Please don't judge me on this post...I offer this account not to seek advice but rather to entertain you.
Stuart is nearly 20 months old and is hopelessly attached to his paci. His "paaa" as he calls it. I know, I know...some people find it appalling (including my dear Dr. Rosemond) to see the silly thing in the mouth of a child older than 6 months. But sleep is a precious commodity around these parts and if it means the difference between sleep or no sleep, I always opt for sleep.
We have at least 4 "paaas" for Stuart but for some reason the other night we could only find one. Not a good thing when I usually ensure that a spare is left on the kitchen counter for those 3 am wake up calls when the one he went to sleep with is lost.
So there we were...Sat. night...sleeping peacefully when we heard the preemptive whining through the monitor. This is the point that he's not fully awake so you can usually dart upstairs, grabbing the spare "paaa" along the way, tiptoe into his room and plug up the cry pipe. But remember I told you that we'd gone to bed with no spare.
So I crept into the room and started feeling the floor near the crib hoping to find the missing "paaa." Nothing there. I ran my hand under the crib and drew it back with nothing but a handful of fuzz, dust, and a random Barbie shoe. At this point I was beyond the window of opportunity to send him back into dreamland because I looked up and found him standing in the crib, looking over the side at me saying "paaaa....PAAAAA!"
So I leaned over to the monitor and got right in the microphone where I knew it would blast at top volume in our bedroom and said "Get up here and help me look for the &#**^# PAAA....and bring a ##&!^@ flashlight!"

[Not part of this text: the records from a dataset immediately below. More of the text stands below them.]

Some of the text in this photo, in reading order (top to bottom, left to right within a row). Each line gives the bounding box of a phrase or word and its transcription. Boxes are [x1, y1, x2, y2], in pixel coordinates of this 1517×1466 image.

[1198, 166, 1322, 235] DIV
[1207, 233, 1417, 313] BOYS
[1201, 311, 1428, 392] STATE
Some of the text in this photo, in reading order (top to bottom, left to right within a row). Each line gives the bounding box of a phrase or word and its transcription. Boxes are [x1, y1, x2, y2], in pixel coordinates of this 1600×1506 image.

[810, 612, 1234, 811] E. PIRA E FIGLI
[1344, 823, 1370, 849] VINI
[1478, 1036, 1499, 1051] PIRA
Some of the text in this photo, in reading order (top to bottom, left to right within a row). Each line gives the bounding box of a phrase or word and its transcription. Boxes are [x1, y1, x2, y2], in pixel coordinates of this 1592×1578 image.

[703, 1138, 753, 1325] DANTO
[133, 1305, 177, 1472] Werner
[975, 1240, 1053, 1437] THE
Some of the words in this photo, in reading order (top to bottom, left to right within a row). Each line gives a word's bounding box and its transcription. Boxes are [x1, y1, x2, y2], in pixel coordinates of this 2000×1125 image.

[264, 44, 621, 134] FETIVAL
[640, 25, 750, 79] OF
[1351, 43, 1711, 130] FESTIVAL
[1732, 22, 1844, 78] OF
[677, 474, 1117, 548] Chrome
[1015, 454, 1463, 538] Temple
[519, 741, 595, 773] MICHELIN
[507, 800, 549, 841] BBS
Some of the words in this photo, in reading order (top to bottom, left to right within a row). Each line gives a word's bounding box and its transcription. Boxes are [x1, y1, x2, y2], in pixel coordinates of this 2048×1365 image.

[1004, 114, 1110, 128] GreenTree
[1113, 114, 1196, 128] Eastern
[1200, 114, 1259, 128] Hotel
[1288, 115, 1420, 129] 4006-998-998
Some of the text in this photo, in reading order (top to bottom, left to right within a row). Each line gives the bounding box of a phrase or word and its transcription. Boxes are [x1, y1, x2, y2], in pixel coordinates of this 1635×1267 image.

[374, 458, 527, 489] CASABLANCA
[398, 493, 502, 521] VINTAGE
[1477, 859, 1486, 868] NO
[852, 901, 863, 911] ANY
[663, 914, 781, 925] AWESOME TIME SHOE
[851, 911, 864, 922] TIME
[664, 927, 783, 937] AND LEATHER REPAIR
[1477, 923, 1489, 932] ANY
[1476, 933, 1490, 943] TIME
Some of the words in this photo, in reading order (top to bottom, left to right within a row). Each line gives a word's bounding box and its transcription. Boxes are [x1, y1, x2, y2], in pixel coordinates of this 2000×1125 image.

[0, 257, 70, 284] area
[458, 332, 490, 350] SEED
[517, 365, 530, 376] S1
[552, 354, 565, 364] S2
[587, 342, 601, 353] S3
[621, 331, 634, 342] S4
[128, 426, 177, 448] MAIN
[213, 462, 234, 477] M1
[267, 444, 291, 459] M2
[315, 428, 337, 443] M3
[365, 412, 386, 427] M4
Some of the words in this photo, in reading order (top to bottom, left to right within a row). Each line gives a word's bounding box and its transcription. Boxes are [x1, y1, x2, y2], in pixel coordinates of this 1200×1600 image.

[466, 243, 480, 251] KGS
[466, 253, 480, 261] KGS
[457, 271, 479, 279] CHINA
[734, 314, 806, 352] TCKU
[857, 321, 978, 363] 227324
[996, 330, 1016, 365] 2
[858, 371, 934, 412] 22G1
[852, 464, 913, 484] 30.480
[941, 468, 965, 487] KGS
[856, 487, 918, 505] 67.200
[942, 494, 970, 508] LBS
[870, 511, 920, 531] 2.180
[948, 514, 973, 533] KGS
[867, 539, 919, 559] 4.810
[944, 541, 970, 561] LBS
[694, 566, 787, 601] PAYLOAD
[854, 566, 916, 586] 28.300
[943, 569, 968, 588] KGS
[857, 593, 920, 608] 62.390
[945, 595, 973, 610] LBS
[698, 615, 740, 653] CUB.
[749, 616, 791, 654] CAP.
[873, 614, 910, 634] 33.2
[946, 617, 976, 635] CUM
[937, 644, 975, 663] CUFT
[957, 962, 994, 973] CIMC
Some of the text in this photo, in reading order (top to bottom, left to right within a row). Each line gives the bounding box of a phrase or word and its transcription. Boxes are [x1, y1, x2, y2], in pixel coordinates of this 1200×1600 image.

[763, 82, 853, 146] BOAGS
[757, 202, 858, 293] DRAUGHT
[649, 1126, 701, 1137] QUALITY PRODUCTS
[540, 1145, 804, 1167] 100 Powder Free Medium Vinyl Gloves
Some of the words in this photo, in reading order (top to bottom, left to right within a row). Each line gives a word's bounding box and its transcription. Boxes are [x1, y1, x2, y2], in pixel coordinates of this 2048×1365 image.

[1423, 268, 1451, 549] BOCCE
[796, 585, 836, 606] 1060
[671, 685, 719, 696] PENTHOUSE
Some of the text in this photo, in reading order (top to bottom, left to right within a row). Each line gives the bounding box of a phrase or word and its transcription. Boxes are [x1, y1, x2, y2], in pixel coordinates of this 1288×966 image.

So there we both were with little penlights looking under the bed, the rug, under the furniture, lifting up the crib mattress and saying things like "where the ^#$% could it be? Did the #$!@& ELF take it?" And the whole time Stuart is jumping up and down in his crib laughing, thinking it was a party. Woo-hoo!!
Finally I remembered the diaper bag, dug around the bottom and found one. Of course it had probably been on the floor of the Dr. office and never washed which is why it was in the bottom of the bag. But I was so happy to see it ~ rotavirus, influenza germs and all ~ and ran back into the room only to realize that it was way, way too late. Stuart was ready to get up, watch Dora and eat a waffle.
Not only did I lose a half night of sleep, but the infected "paaa" will probably lead to the next round of stomach virus for our family. Maybe it's time to heed Rosemond's advice and endure a couple of sleepless nights in order to get a string of sleep filled nights.
Or better yet...I think I'll just be accepting donations to replenish my stash of "paaaas."